Which sports geek wouldn’t like to create their own system for predicting matches, be it if you want to bet or just out of intellectual curiosity ?Nowadays, advanced statistics are available on websites like basketball-reference and awesome machine learning libraries can be used for every programming language. This is not going to be a comprehensive DIY kind of guide, I’m just going to talk about what I found when playing with this for a few months and share some code that will be very useful for the kickoff.
Machine Learning works by building models that capture weights and relationships between features from historical data and then use these models for predicting future outcomes. So, you need to understand the sport, think which variables are representative of future performance, build a database that contains this information and run Machine Learning algorithms on historical data to analytically assign weights to these variables.
I spent quite a long time building an NBA and NCAA scraper which downloads full seasons (match by match) from basketball-reference.
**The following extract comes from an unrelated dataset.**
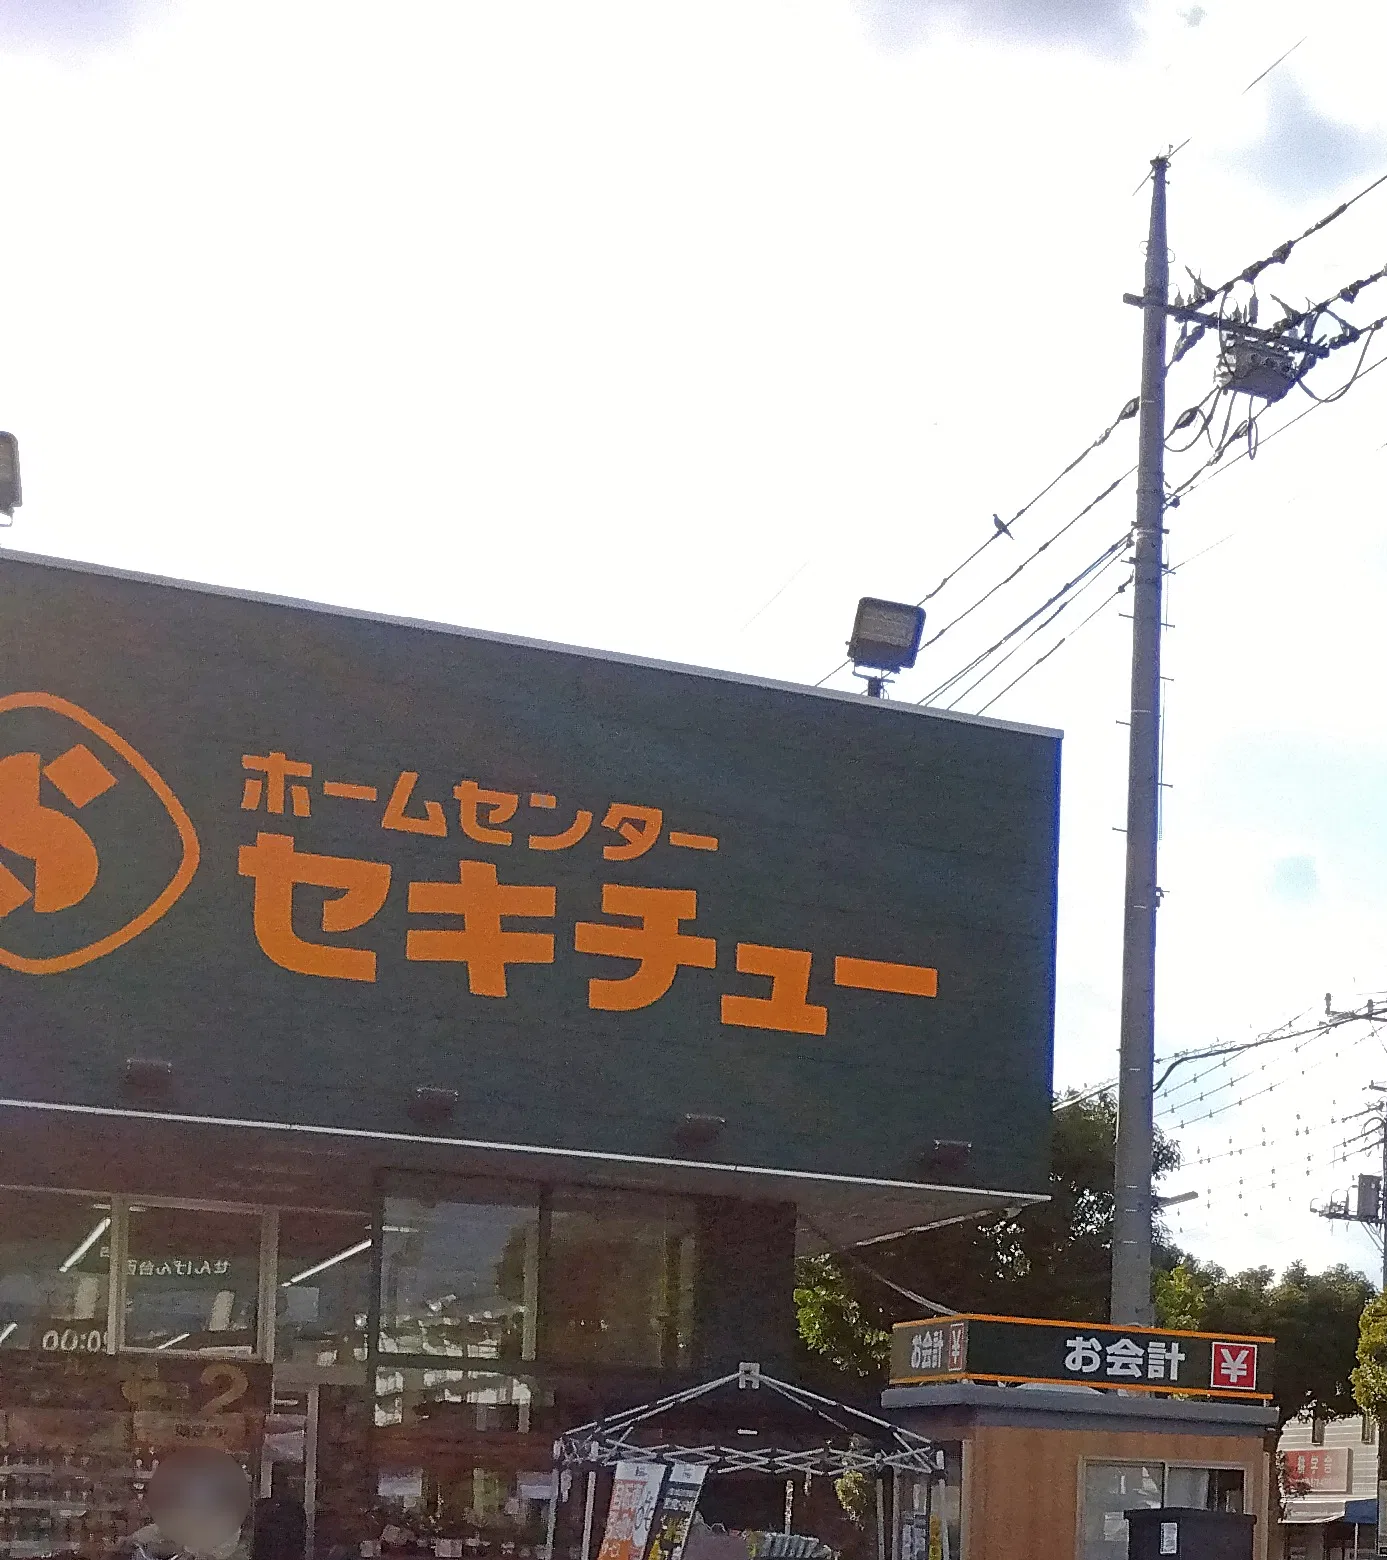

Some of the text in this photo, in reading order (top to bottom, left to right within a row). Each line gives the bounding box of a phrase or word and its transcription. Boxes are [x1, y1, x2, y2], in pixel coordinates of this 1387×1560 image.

All the problems you may stumble upon as regards relational databases are solved in my scraper and you are guaranteed to uniquely associate information.My scraper models matches in a sophisticated json format that captures the advanced stuff that takes place in a basketball game.For representing this information in your own database you will need to define a schema and insert the information. I used SQLAlchemy to write models that can be used to create the database and build an analytical system. It’s all available on my github repo.
Scikit-Learn is the way to go for building Machine Learning systems in Python. You will need to figure out which attributes work best for predicting future matches based on historical performance. As said before, understanding the sport allows you to choose more advanced metrics like Dean Oliver’s four factors. These, combined with other human analysis (like Vegas lines for example) work best.
If you build your own machine learning models you will find that you can correctly predict winners at a rate of around 70%. Not enough though to win money through betting, but still better than Espn experts and a lot of academic papers. You will also learn a lot about the sport, databases, machine learning and Python.